Also, I especially liked the post on Improv Problem-Solving. I will definitely try that out!

I will go catch the show on Tuesday!

With love,

Elaine

Unknown said...

Kiva is wonderful - it is fun and rewarding, and it feels really constructive. Even if you don't have much money you can take part with just $25, which of course you eventually get back so you can reinvest it.

Anonymous said...

Dear Shin,

I am sad to hear you say that you don't want a life after death.

It shatters my heart utterly.

God wants you to have a life after death. God wants you to have Tony, Toby and Josie by your side for all eternity, and after our temporal lives and suffering are over, God wants all of us to live in eternal bliss free of suffering and pain.
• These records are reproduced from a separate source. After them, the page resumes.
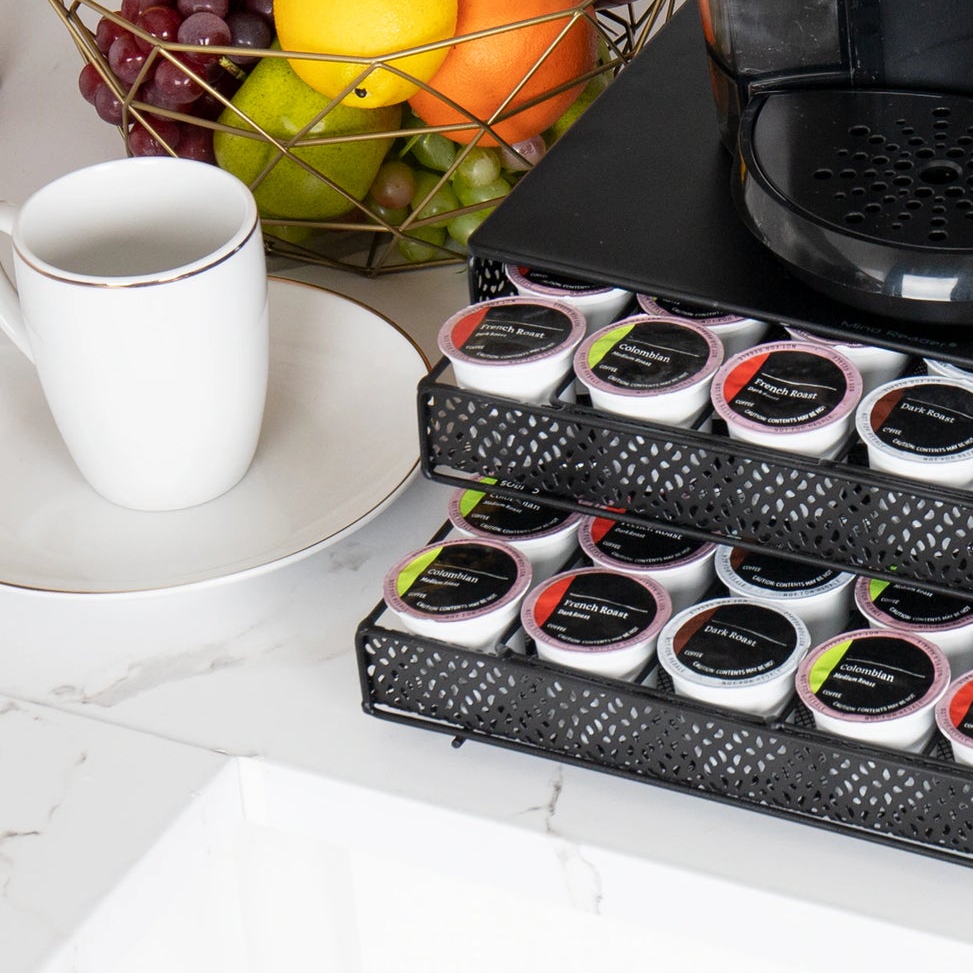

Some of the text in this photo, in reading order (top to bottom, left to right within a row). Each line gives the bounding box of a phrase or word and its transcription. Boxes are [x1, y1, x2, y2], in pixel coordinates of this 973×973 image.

[516, 328, 546, 339] Roast
[619, 343, 671, 363] Colombian
[754, 378, 818, 399] French Roast
[900, 403, 956, 424] Dark Roast
[427, 568, 479, 583] Colombian
[564, 599, 629, 619] French Roast
[704, 625, 757, 648] Dark Roast
[840, 663, 895, 683] Colombian
All of us will pass on eventually sooner or later, but that does not mean that we will not meet our love ones again and be reunited.

And not to have life after death will just erase everything that we've ever experienced: the love, the joy and the memories.

Our bodies might perish but what is crucial is that our souls live on and God wants to restore those things that were stolen from us back to their original glory.

I might sound like a mystic fool, please forgive me, but a life with God after death makes perfect sense compared to the perceived meaningless and senseless existence that all of us are clinging to.

God loves you Shin, your physical body might be going through pain
but your soul is empowered daily by the strength that God put in you.

God wants that soul to live forever.

Francis Lim

Gloria said...

Shin, love your humour. Gonna be catching you on TV tonight. in the meantime, be well :)

Shin said...

Francis Lim,

Thanks for your concerns about me and my afterlife, but I really don't think there's any cause for worry.

Rather than repeat myself, may I direct you to my past posts on my views about the afterlife?

Paradise Redefined

A Better Life?

Paradise Declined

Afterlife

You can see from these posts that I don't see a life free of suffering and pain as eternal bliss. I don't think ANYTHING eternal is bliss.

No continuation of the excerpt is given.